Great review! Good to be so taken with a movie.
Thanks! I was happy to find it’s stuck with me.
Yes it’s horrible to do a rewatch and find yourself thinking why did I ever like this!
How long did you study English as a foreign language, and do you think you will ever write in paragraphs like the rest of us?
This is the one where he fights Ivan Drago, right?
*sigh* While not essays, these are indeed paragraphs. I weep for the graduates of Strathblane Primary School.
Drago was defeated in Henry IV. This is the one where Henry goes back to the street.
Do you understand that the way you format it, the text comes through as one unreadable solid paragraph with no bullet points? Can screenshot if it helps….
Haha! That would be neat if it’s doing that. Keep people on their toes. Looks fine on my end.
It’s unreadable gibberish, I’ll email you a screenshot of how the world sees it.

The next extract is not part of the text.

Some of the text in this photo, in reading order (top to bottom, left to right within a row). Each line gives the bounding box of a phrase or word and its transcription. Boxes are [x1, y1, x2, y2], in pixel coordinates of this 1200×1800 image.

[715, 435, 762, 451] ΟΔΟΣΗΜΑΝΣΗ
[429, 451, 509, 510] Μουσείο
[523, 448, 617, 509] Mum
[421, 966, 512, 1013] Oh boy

Does Paulie have a robot butler in this one?
Paulie is called Falstaff here, and he dies.
Have you seen my Coriolanus?
Buttcoks again?
Never mind the buttocks, what about my Coriolanus?
*sigh* I think the groundlings at the Globe had better hectoring.

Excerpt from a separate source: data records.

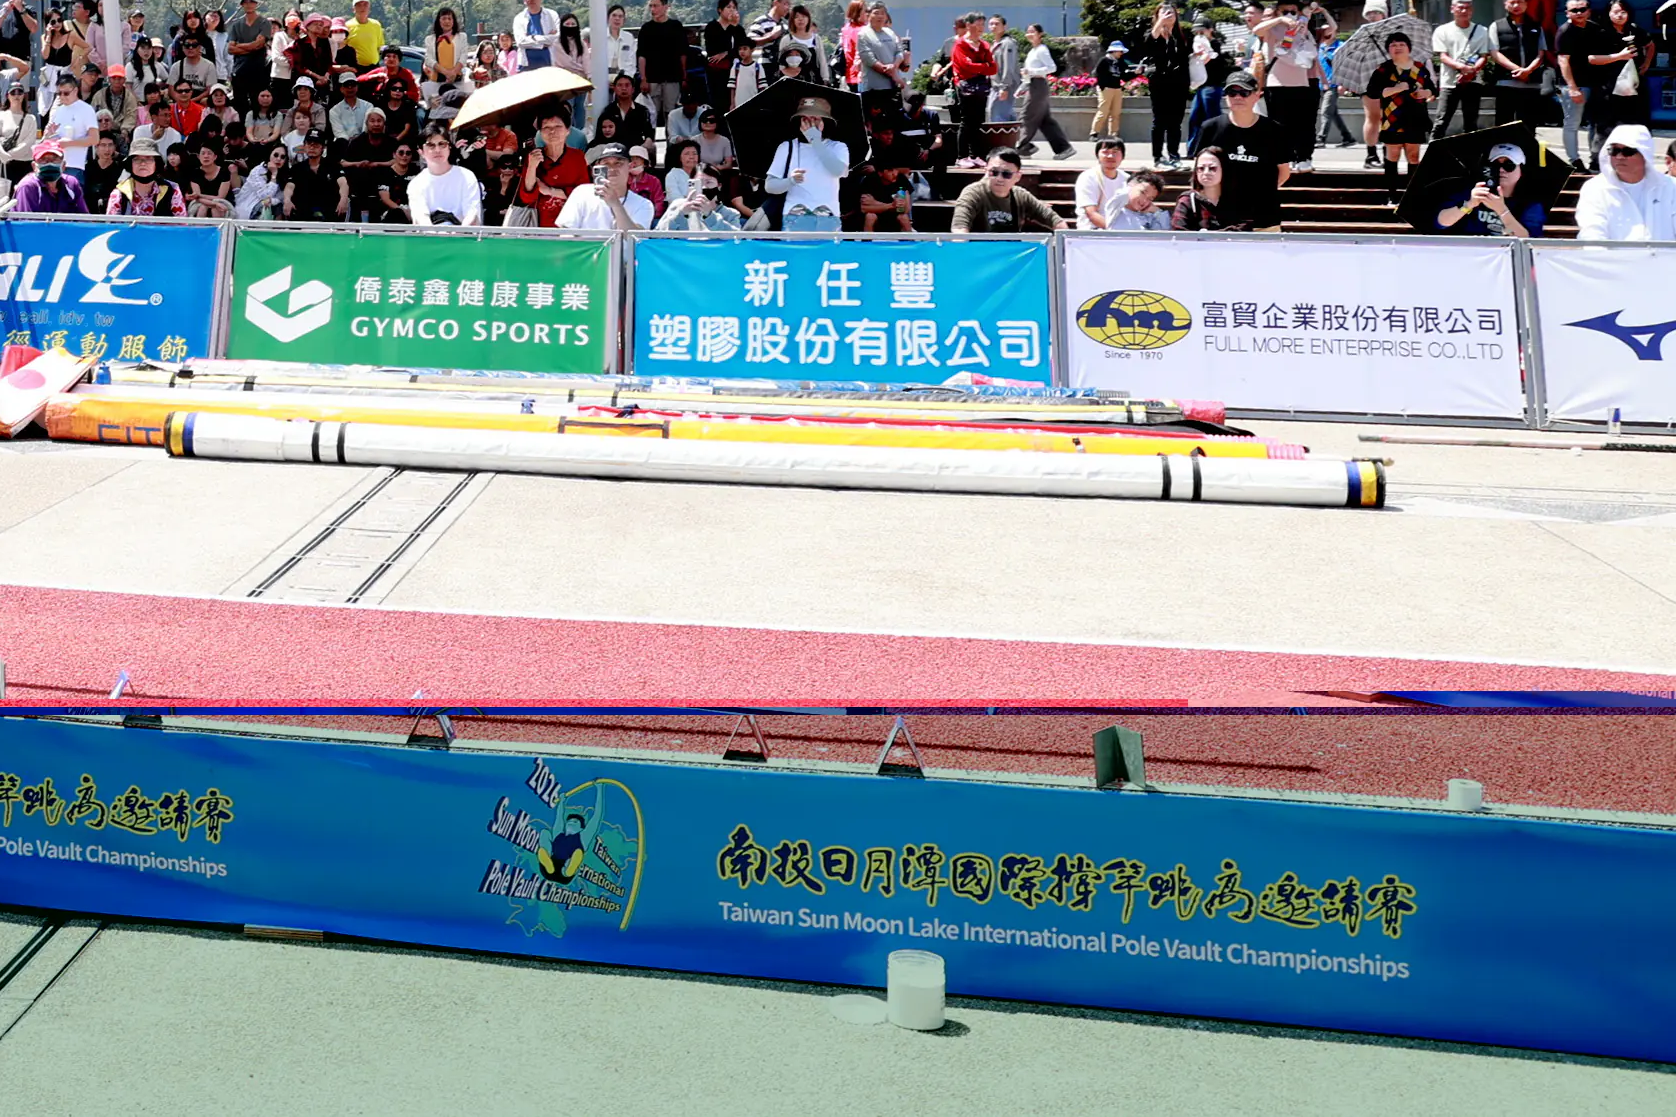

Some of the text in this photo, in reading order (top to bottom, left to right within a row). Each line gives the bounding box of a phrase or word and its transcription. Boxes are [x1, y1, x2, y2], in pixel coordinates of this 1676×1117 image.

[354, 276, 591, 311] 僑泰鑫健康事業
[742, 259, 937, 309] 新任豐
[351, 316, 590, 346] GYMCO SPORTS
[1202, 300, 1503, 336] 富貿企業股份有限公司
[648, 313, 1042, 368] 塑膠股份有限公司
[1104, 350, 1164, 361] Since 1970
[1204, 335, 1248, 353] FULL
[1253, 337, 1304, 355] MORE
[1311, 339, 1423, 358] ENTERPRISE
[487, 797, 515, 838] Sun
[36, 840, 83, 861] Vault
[86, 845, 228, 878] Championships
[479, 859, 621, 913] Pole Vault Championships
[718, 901, 1410, 982] Taiwan Sun Moon Lake International Pole Vault Championships

They had something worth hectoring.
This is definitely “my” Henry V. Saw it in highschool and it has stayed with me ever since. Bought the sound track soon after wards and simply love it.
Yeah, it’s great stuff. And it holds up. The score is amazing.
Glad you liked it so much. Nothing like a film that makes you feel that way. But here’s the question: we’ve worked out that when people die, for optimum effect, they have to fall in a perfectly artistic, even manner; but what if they’re in a bowl of mud? Don’t these two things clash? Can they work together, or is it one or the other?
You can die gloriously in mud. Even falling in slow motion, as is done here. That’s the art of it.
Slow motion death in mud? Not for me, thank you. If I was going to die, I’d want a Nick-esque death in The Deer Hunter.